What to do | The data below is to be repeated in full, exactly as shown.

Task inputs |
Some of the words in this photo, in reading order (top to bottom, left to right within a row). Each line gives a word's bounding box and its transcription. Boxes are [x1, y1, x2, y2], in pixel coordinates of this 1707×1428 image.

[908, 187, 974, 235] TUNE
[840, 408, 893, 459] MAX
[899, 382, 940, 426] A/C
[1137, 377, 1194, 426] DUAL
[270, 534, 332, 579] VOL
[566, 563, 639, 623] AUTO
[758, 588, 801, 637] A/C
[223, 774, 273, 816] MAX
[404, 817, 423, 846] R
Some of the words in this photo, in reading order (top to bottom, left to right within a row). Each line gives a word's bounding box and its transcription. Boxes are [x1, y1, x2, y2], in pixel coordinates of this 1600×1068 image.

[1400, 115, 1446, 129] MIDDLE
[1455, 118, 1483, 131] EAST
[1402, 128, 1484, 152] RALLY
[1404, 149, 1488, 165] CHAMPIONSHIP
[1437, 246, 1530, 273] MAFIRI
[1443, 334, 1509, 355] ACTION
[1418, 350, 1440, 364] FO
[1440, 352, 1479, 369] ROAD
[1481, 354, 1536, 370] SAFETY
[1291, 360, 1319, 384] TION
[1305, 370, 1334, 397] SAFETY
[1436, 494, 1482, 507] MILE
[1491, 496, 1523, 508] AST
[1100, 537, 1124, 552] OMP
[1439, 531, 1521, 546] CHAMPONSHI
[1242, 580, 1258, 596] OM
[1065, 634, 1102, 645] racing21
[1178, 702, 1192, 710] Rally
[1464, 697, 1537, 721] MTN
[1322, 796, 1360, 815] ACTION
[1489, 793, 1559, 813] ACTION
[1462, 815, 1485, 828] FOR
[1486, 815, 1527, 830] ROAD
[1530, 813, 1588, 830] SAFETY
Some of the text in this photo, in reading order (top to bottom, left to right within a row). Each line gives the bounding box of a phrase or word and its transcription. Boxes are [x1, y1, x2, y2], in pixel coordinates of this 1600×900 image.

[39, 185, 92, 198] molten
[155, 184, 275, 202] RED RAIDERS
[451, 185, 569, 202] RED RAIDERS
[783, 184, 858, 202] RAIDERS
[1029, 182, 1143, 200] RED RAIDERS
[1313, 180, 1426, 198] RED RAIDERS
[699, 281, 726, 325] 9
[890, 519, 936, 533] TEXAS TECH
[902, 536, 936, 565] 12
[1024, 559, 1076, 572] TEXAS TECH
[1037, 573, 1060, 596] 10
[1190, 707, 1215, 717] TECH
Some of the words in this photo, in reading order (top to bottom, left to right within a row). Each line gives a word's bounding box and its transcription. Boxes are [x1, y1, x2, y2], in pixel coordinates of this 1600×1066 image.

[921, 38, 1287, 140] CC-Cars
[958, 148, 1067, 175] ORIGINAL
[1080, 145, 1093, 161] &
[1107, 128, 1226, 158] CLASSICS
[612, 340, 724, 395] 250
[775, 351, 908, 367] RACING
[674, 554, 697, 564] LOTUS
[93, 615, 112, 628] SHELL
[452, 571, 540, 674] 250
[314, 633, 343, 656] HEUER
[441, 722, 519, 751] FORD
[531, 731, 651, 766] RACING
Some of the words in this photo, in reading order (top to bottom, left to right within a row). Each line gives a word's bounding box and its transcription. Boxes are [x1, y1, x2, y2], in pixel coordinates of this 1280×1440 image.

Response area |
Some of the words in this photo, in reading order (top to bottom, left to right within a row). Each line gives a word's bounding box and its transcription. Boxes are [x1, y1, x2, y2], in pixel coordinates of this 1707×1428 image.

[908, 187, 974, 235] TUNE
[840, 408, 893, 459] MAX
[899, 382, 940, 426] A/C
[1137, 377, 1194, 426] DUAL
[270, 534, 332, 579] VOL
[566, 563, 639, 623] AUTO
[758, 588, 801, 637] A/C
[223, 774, 273, 816] MAX
[404, 817, 423, 846] R
Some of the words in this photo, in reading order (top to bottom, left to right within a row). Each line gives a word's bounding box and its transcription. Boxes are [x1, y1, x2, y2], in pixel coordinates of this 1600×1068 image.

[1400, 115, 1446, 129] MIDDLE
[1455, 118, 1483, 131] EAST
[1402, 128, 1484, 152] RALLY
[1404, 149, 1488, 165] CHAMPIONSHIP
[1437, 246, 1530, 273] MAFIRI
[1443, 334, 1509, 355] ACTION
[1418, 350, 1440, 364] FO
[1440, 352, 1479, 369] ROAD
[1481, 354, 1536, 370] SAFETY
[1291, 360, 1319, 384] TION
[1305, 370, 1334, 397] SAFETY
[1436, 494, 1482, 507] MILE
[1491, 496, 1523, 508] AST
[1100, 537, 1124, 552] OMP
[1439, 531, 1521, 546] CHAMPONSHI
[1242, 580, 1258, 596] OM
[1065, 634, 1102, 645] racing21
[1178, 702, 1192, 710] Rally
[1464, 697, 1537, 721] MTN
[1322, 796, 1360, 815] ACTION
[1489, 793, 1559, 813] ACTION
[1462, 815, 1485, 828] FOR
[1486, 815, 1527, 830] ROAD
[1530, 813, 1588, 830] SAFETY
Some of the text in this photo, in reading order (top to bottom, left to right within a row). Each line gives the bounding box of a phrase or word and its transcription. Boxes are [x1, y1, x2, y2], in pixel coordinates of this 1600×900 image.

[39, 185, 92, 198] molten
[155, 184, 275, 202] RED RAIDERS
[451, 185, 569, 202] RED RAIDERS
[783, 184, 858, 202] RAIDERS
[1029, 182, 1143, 200] RED RAIDERS
[1313, 180, 1426, 198] RED RAIDERS
[699, 281, 726, 325] 9
[890, 519, 936, 533] TEXAS TECH
[902, 536, 936, 565] 12
[1024, 559, 1076, 572] TEXAS TECH
[1037, 573, 1060, 596] 10
[1190, 707, 1215, 717] TECH
Some of the words in this photo, in reading order (top to bottom, left to right within a row). Each line gives a word's bounding box and its transcription. Boxes are [x1, y1, x2, y2], in pixel coordinates of this 1600×1066 image.

[921, 38, 1287, 140] CC-Cars
[958, 148, 1067, 175] ORIGINAL
[1080, 145, 1093, 161] &
[1107, 128, 1226, 158] CLASSICS
[612, 340, 724, 395] 250
[775, 351, 908, 367] RACING
[674, 554, 697, 564] LOTUS
[93, 615, 112, 628] SHELL
[452, 571, 540, 674] 250
[314, 633, 343, 656] HEUER
[441, 722, 519, 751] FORD
[531, 731, 651, 766] RACING
Some of the words in this photo, in reading order (top to bottom, left to right within a row). Each line gives a word's bounding box and its transcription. Boxes are [x1, y1, x2, y2], in pixel coordinates of this 1280×1440 image.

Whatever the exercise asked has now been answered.